Monday, September 16, 2013

My turn to take a stab at a huge mess

The media is focused on Syria lately.  Normally I would be all over this sort of thing ranting about how everyone is doing everything wrong but I haven't stepped in until now.  The trick in this case is that Syria is a bloody complicated mess.  Normally I side with the people rebelling against the oppressive despot but that isn't exactly an easy thing to do here because an awful lot of the rebels are just as bad if not worse than the despot they oppose.  Nothing outside powers do is going to be easy or clearly right and no escalation of the war in Syria will be widely supported.

One thing I do think is clear is that our society has a really bizarre reaction to chemical weapons.  We have been watching Syrians murder each other in staggering numbers for over a year now and yet all of a sudden because they are dying from a gas instead of a bullet, an explosion, or fire we need to get all up in arms?  The fact that we came remarkably close to the US tossing bombs into Syria as a cure for Syrians tossing bombs in Syria is a miserable condemnation of our current attitudes towards war.  That the Russian and American governments can't agree which side they should be tossing bombs at just adds an extra bit of frantic hilarity - neither government is remotely trustworthy and both are playing desperate games with each other using many thousands of Syrian lives as pawns.  Putin's piece in the NY Times was spectacular; talk about a wolf in sheep's clothing!

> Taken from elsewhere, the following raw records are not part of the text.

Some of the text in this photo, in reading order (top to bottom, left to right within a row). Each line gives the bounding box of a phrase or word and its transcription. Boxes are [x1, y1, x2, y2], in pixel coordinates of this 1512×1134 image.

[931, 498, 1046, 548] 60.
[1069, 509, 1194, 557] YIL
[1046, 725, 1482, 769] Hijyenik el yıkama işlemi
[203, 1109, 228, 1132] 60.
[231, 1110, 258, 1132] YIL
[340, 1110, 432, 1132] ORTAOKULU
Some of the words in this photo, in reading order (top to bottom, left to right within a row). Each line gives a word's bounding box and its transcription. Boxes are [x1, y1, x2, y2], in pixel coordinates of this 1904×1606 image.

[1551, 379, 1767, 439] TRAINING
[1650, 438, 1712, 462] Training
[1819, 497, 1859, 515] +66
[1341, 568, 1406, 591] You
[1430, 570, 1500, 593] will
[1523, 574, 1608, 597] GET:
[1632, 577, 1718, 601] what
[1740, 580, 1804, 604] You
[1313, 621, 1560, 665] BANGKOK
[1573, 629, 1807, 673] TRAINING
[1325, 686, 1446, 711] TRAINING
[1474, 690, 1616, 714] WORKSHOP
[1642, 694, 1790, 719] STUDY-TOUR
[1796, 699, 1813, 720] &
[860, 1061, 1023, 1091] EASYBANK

While war is extremely bad it is possible to have a military escalation be a good thing.  WW2 is the obvious example where many countries needed to band together to stop a psychotic dictator from perpetuating mass genocide but very few conflicts are remotely so simple.  That simply can't be the case here as the various actors involved are too entrenched and intertwined for any outside intervention to be successful.  If we want to help Syria we should not be shipping bombs to the Mediterranean but rather food and medical supplies.  We can and should help those caught in the crossfire.  That is something we can do and know that we aren't making things worse.

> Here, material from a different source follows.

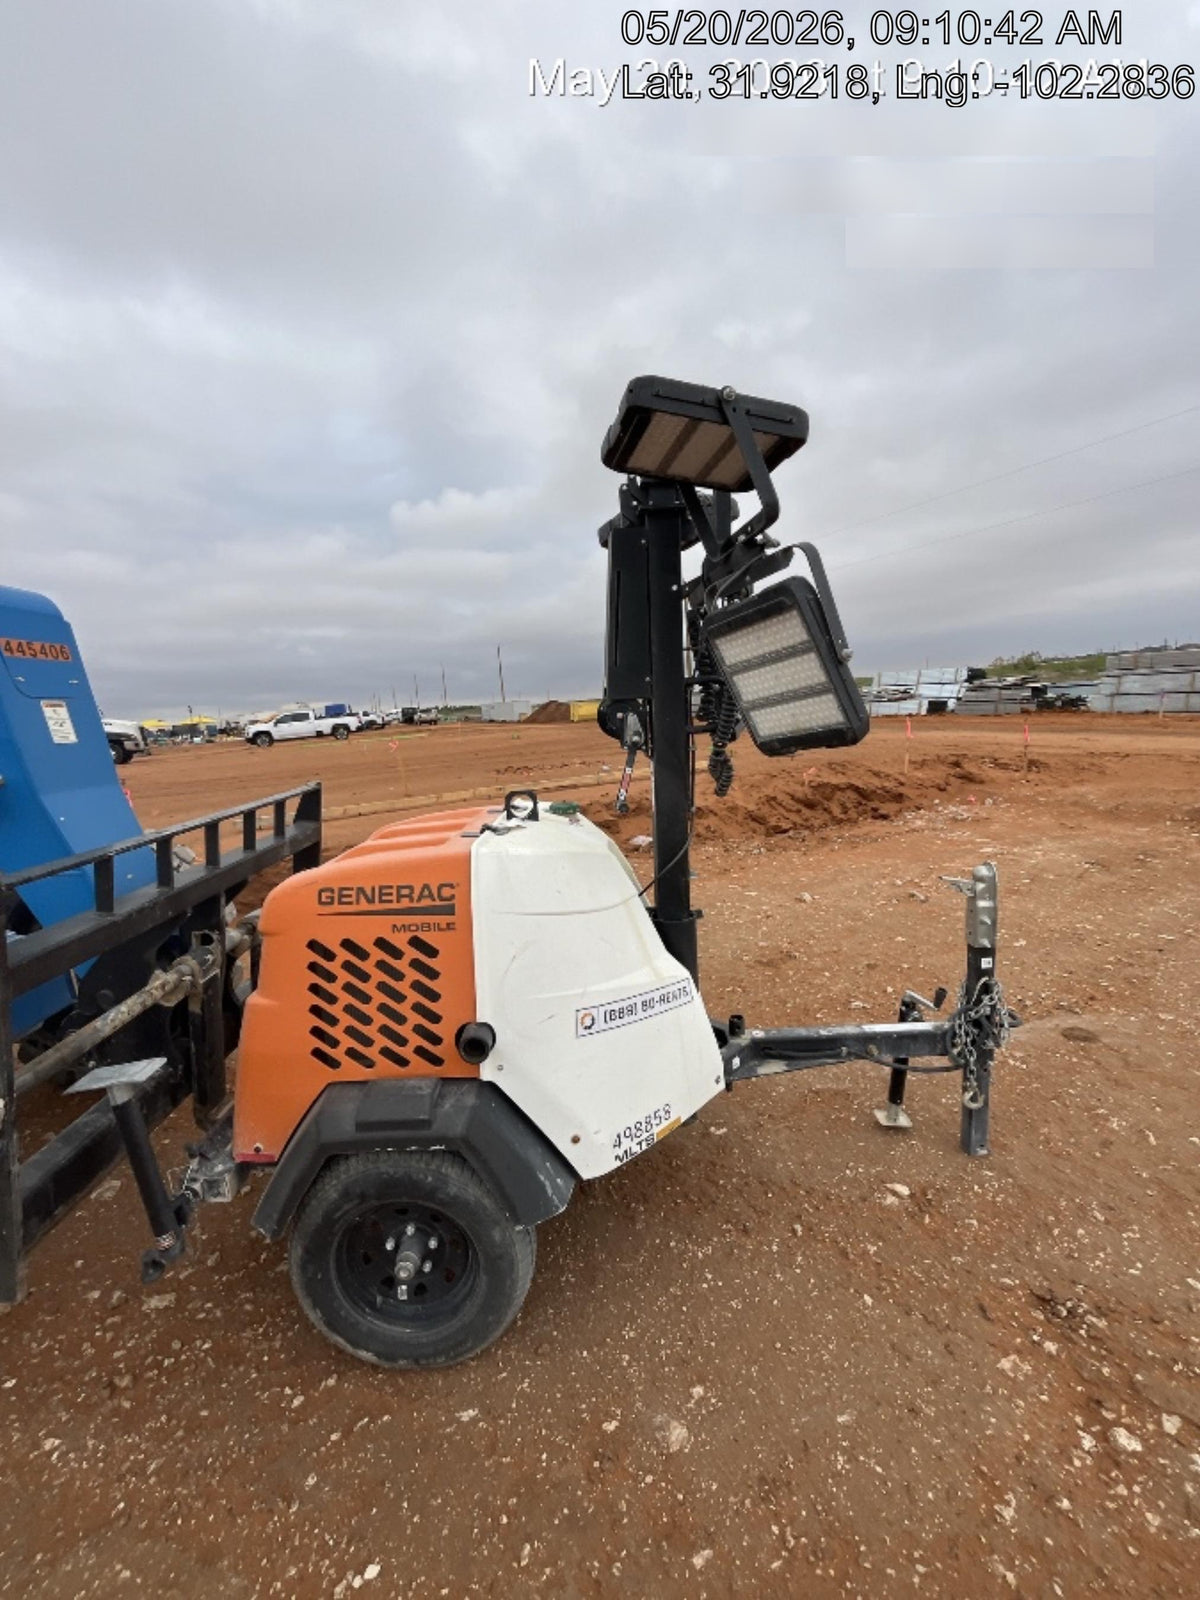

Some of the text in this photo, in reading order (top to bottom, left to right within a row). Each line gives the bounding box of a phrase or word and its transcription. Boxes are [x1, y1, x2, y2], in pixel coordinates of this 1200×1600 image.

[4, 639, 70, 661] 445406
[317, 882, 457, 906] GENERAC
[391, 921, 456, 934] MOBILE
[612, 1103, 671, 1150] 498858

It is all well and good to say that we must punish people who use chemical weapons.  What many people who advocate attacking Syria on that basis fail to realize is that bombing out cities to punish the actions of a dictator or his armed forces is not helping.  The dictator will stay in power and the people living under the dictator's influence will suffer instead.  If we had a magic ray that could just kill Assad there might be a real discussion about whether or not we should use it but even our smart bombs just aren't anywhere near that smart.  Of course if America actually had a ray that could kill anybody they wanted I would be utterly terrified for the world.  After all, conquering the rest of the world would make things safer for Americans and we all know how much liberty they are willing to trade for the illusion of safety.